### [Your objective]
When you copy the material below, keep every line exact and drop the pictures.

### [Dataset entries]

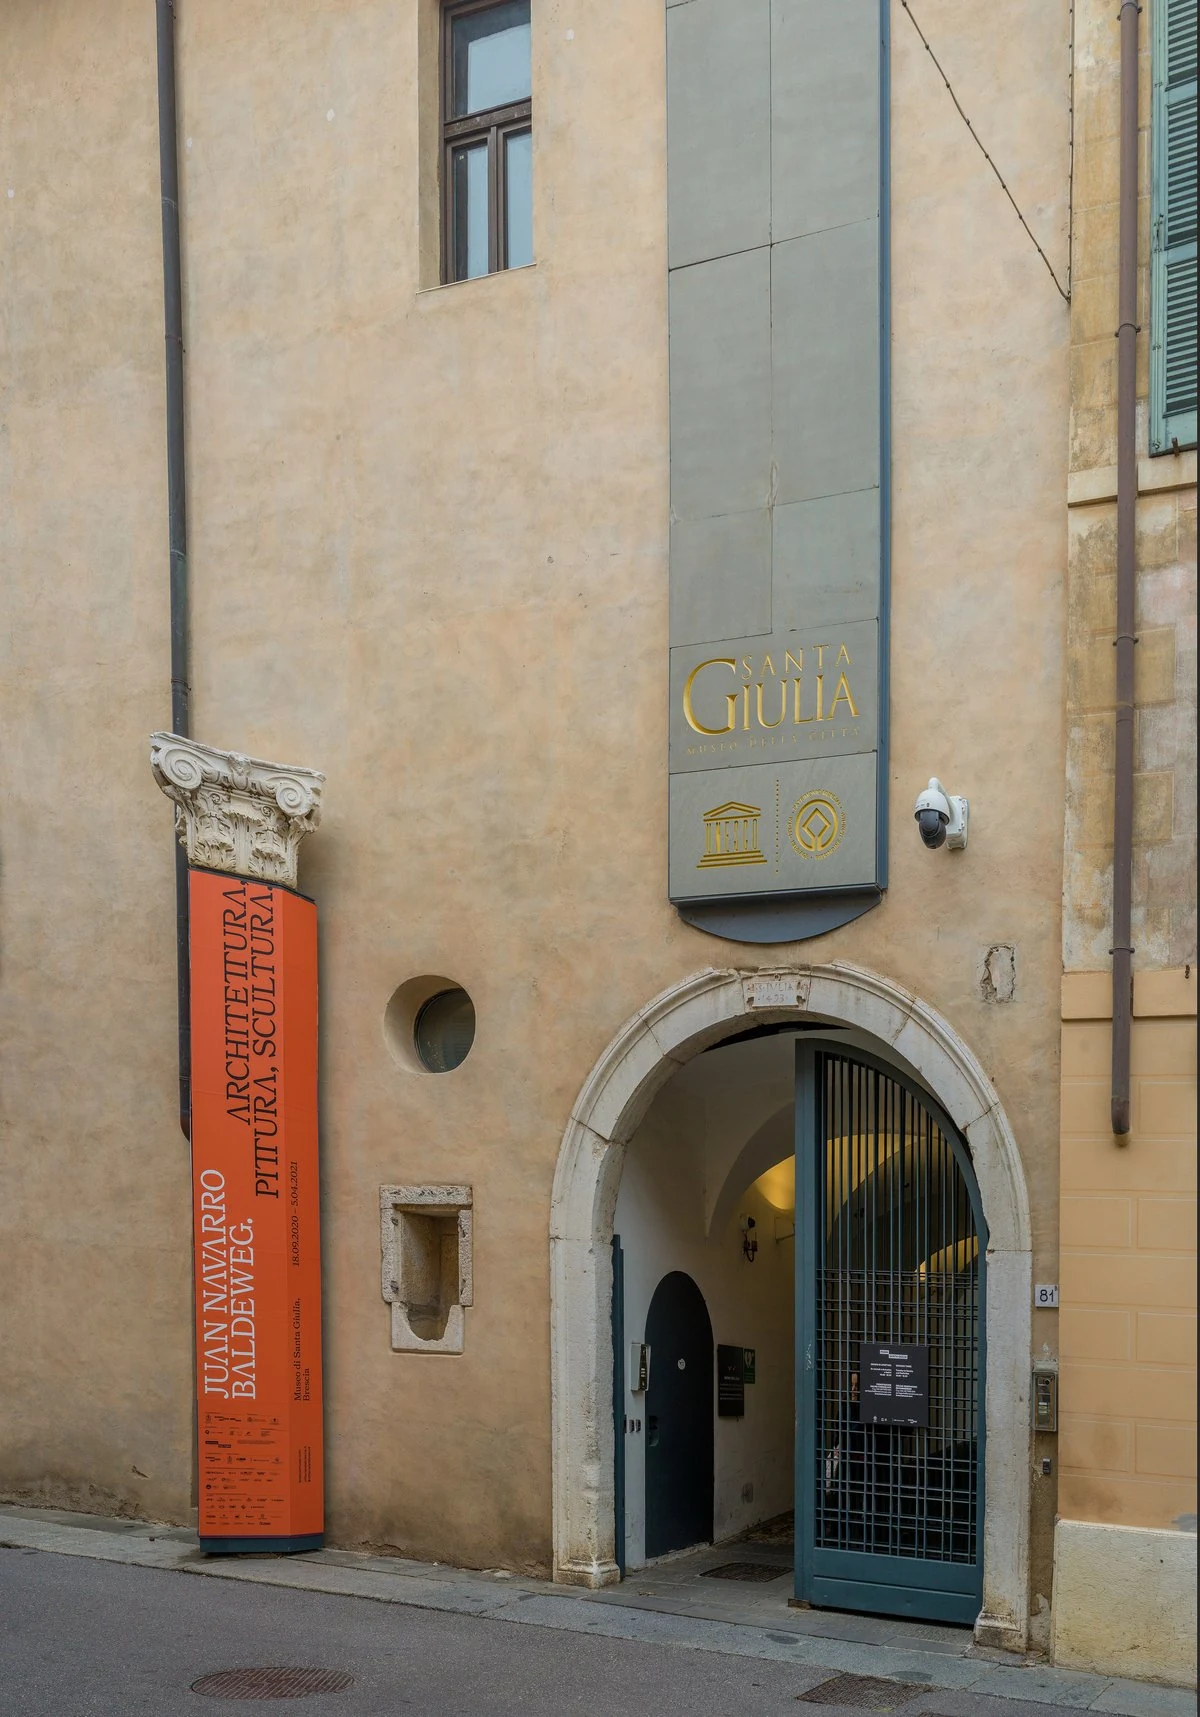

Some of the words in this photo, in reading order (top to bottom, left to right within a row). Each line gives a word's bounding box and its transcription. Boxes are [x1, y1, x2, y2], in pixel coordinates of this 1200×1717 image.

[682, 658, 861, 736] GIULIA
[741, 641, 852, 680] SANTA
[222, 880, 250, 1126] ARCHITETTURA,
[249, 886, 277, 1058] SCULTURA.
[253, 1066, 280, 1199] PITTURA,
[290, 1161, 299, 1207] 5.04.2021
[200, 1169, 228, 1314] NAVARRO
[291, 1215, 300, 1268] 18.09.2020
[229, 1218, 256, 1400] BALDEWEG.
[293, 1298, 302, 1330] Giulia,
[293, 1331, 301, 1359] Santa
[203, 1319, 229, 1399] JUAN
[293, 1360, 301, 1370] di
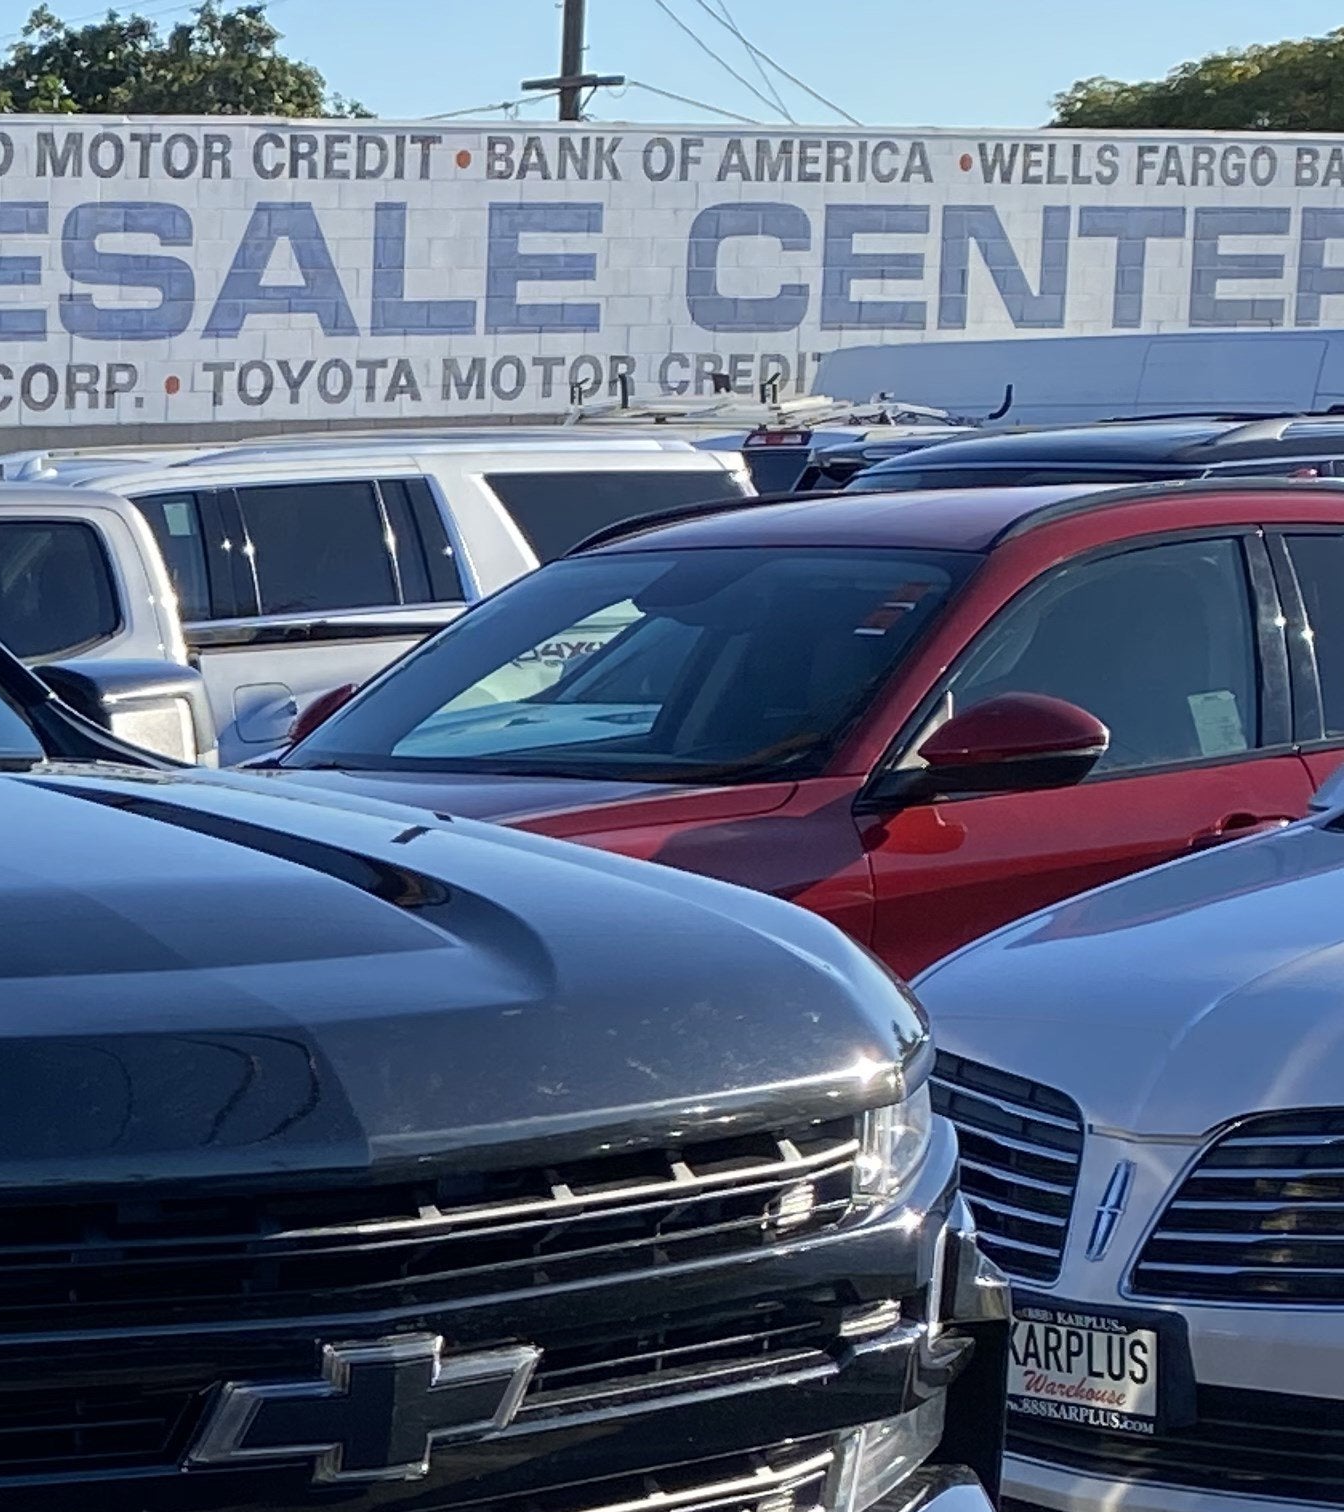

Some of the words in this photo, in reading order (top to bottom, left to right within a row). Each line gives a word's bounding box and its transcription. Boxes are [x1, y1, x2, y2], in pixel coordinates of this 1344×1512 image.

### [Completed task]
Some of the words in this photo, in reading order (top to bottom, left to right within a row). Each line gives a word's bounding box and its transcription. Boxes are [x1, y1, x2, y2], in pixel coordinates of this 1200×1717 image.

[682, 658, 861, 736] GIULIA
[741, 641, 852, 680] SANTA
[222, 880, 250, 1126] ARCHITETTURA,
[249, 886, 277, 1058] SCULTURA.
[253, 1066, 280, 1199] PITTURA,
[290, 1161, 299, 1207] 5.04.2021
[200, 1169, 228, 1314] NAVARRO
[291, 1215, 300, 1268] 18.09.2020
[229, 1218, 256, 1400] BALDEWEG.
[293, 1298, 302, 1330] Giulia,
[293, 1331, 301, 1359] Santa
[203, 1319, 229, 1399] JUAN
[293, 1360, 301, 1370] di

Some of the words in this photo, in reading order (top to bottom, left to right within a row). Each line gives a word's bounding box and its transcription. Boxes are [x1, y1, x2, y2], in pixel coordinates of this 1344×1512 image.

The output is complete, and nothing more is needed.